Buenos Aires si trova ad affrontare una delle peggiori crisi economiche degli ultimi vent’anni da imputare soprattutto all’inflazione che a settembre è arrivata al 138% su base annua e a causa della quale 4 persone su 10 vivono sotto la soglia di povertà. I due candidati hanno soluzioni molto diverse su come risolvere la crisi: nonostante l’orientamento socialista di matrice peronista di Massa, l’attuale ministro dell’Economia ha proposto una politica più attenta ai mercati che prevede tagli delle spese, pur con riguardo rispetto agli effetti sulla popolazione. Tuttavia, nei 14 mesi in cui è stato a capo del ministero economico, Massa è riuscito a fare ben poco per fermare l’inflazione. Dal canto suo, Milei come soluzione al problema economico ha fornito due soluzioni considerate quasi irrealizzabili e per lo più propagandistiche, ma che esprimono bene la sua sudditanza agli Stati Uniti: ha promesso, infatti, di promuovere la dollarizzazione, ossia la sostituzione della moneta argentina con il dollaro e di «bruciare la Banca Centrale argentina», considerata la principale responsabile della condizione economica della nazione. Inoltre, a conferma del suo orientamento liberista, il programma politico del “Bolsonaro argentino” prevede la privatizzazione di tutte le aziende statali e l’introduzione di buoni per il pagamento di istruzione e sanità, oggi totalmente gratuiti. Per esplicitare meglio la retorica liberista sui tagli agli sprechi e alla spesa pubblica, Milei si è presentato ad alcuni comizi elettorali con una motosega. Sul piano etico-sociale, il suo programma introdurrebbe il diritto di portare armi, la penalizzazione dell’aborto e la revisione delle condanne ai militari colpevoli di crimini contro l’umanità durante l’ultima dittatura (1976-1983).
Per quanto riguarda le alleanze, Milei ha cercato un punto d’incontro con il partito di Patricia Bullrich, Juntos por el Cambio (Insieme per il cambiamento), «per mettere fine al kirchnerismo», in quanto «due terzi degli argentini hanno votato per il cambiamento». La maggior parte delle forze politiche argentine si dividono tra anti-kirchnerismo e kirchnerismo: quest’ultimo è un movimento politico di sinistra che promuove la socialdemocrazia e che fa riferimento all’ex presidente Nestor Kirchner (morto nel 2010) e a sua moglie ed erede politica Cristina, che dal 2003 ha espresso quattro degli ultimi cinque presidenti. Il candidato di “estrema destra” si sarebbe coalizzato con Bullrich per arginare il kirchnerismo, ma l’ex ministra della Sicurezza non ha ancora esplicitato il suo sostegno o meno al capo di La Libertad Avanza. Ha invece detto chiaramente di essere contraria a sostenere il partito di Massa perché la sua formazione non sarà «mai complice del populismo e delle mafie che hanno distrutto questo Paese». Nel suo discorso agli elettori e alla popolazione, invece, Massa non ha mai nominato la vicepresidente Cristina Fernández de Kirchner, riferimento dell’area progressista-peronista, che nel dicembre 2022 è stata condannata a sei anni di carcere per corruzione e per amministrazione fraudolenta. Ha affermato però che, se verrà eletto, il suo sarà un «governo di unità nazionale dei migliori».
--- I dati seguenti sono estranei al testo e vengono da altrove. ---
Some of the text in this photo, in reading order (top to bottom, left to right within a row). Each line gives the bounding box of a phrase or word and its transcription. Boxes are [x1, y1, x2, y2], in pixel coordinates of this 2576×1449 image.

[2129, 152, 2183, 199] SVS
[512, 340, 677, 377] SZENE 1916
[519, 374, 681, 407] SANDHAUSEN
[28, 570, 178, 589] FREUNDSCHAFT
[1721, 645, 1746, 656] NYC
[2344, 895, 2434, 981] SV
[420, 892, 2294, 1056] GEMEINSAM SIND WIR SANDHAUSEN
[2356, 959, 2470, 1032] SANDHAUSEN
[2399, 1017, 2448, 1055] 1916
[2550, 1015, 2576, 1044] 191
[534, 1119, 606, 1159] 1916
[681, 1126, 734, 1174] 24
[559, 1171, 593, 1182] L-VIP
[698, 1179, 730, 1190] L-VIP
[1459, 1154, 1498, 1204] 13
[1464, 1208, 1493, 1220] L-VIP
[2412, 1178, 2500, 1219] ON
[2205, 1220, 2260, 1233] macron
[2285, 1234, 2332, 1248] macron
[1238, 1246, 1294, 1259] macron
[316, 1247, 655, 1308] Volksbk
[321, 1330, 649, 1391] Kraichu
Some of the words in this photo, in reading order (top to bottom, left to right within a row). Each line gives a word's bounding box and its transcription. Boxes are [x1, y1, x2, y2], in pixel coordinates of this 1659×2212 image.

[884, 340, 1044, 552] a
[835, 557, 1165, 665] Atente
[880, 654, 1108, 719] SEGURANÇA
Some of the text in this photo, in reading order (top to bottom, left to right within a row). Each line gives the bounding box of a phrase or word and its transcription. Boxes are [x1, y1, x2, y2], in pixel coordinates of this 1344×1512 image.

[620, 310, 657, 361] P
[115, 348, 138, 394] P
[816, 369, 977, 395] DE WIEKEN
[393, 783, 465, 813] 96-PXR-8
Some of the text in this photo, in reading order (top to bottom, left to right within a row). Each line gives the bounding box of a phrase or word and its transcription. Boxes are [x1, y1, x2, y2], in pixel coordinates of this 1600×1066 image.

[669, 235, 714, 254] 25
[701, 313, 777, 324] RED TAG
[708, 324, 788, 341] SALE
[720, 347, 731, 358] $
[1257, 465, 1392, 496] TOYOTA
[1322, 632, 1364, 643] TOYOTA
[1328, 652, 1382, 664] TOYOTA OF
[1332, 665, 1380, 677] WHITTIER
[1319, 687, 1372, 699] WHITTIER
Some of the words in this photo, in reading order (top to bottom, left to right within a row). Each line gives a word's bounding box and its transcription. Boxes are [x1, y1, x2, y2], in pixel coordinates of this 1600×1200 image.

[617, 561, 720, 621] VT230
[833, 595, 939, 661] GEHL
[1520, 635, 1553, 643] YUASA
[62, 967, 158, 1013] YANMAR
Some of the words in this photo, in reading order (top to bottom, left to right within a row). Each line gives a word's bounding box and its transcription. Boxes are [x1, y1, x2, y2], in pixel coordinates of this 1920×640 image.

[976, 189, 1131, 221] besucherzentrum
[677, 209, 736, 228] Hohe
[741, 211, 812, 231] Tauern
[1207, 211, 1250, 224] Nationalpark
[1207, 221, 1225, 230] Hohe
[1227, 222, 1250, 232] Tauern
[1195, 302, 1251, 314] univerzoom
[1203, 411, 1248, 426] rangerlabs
Considerato che la candidata di centrodestra Bullrich – ex ministra della Sicurezza durante la presidenza di Mauricio Macri – si pone come partito di “rottura” rispetto al governo attuale di cui fa parte Massa, seppure in termini più moderati rispetto a Milei, al ballottaggio i suoi elettori potrebbero votare per l’esponente di estrema destra. In questo caso, è probabile la vittoria dell’esponente ultraliberista che, a causa del suo spinto antisocialismo, minaccia le relazioni con la Cina e con gli stessi Paesi socialisti dell’America Latina a cominciare dal Brasile di Luiz Inácio Lula da Silva. Per questi motivi, Milei ha già annunciato che se verrà eletto presidente, a gennaio rifiuterà l’invito a entrare nel gruppo dei Brics presentato durante il vertice di Johannesburg lo scorso agosto. Sul piano della politica estera ha affermato che “Stati Uniti e Israele saranno i nostri principali alleati”. L’importanza conferita all’alleanza strategica con Tel Aviv rappresenta una novità per Buenos Aires: il candidato di “estrema destra” ha assicurato di voler trasferire l’ambasciata argentina da Tel Aviv a Gerusalemme come segno di solidarietà alle posizioni dello Stato ebraico. Il sostegno a Israele non si deve solo al fatto che la capitale argentina ospita la comunità ebraica più grande dell’America Latina, ma anche alle scelte personali di Milei che ha fatto sapere di volersi convertire alla fede ebraica: «Voglio essere il primo presidente ebreo di questo paese», ha sostenuto all’inizio di questo percorso due anni fa.
I risultati del ballottaggio del 19 novembre decreteranno dunque la direzione che prenderà l’Argentina soprattutto sul piano della politica estera. In questo senso, la vittoria di Milei potrebbe rappresentare un intralcio nel processo di costruzione del mondo multipolare.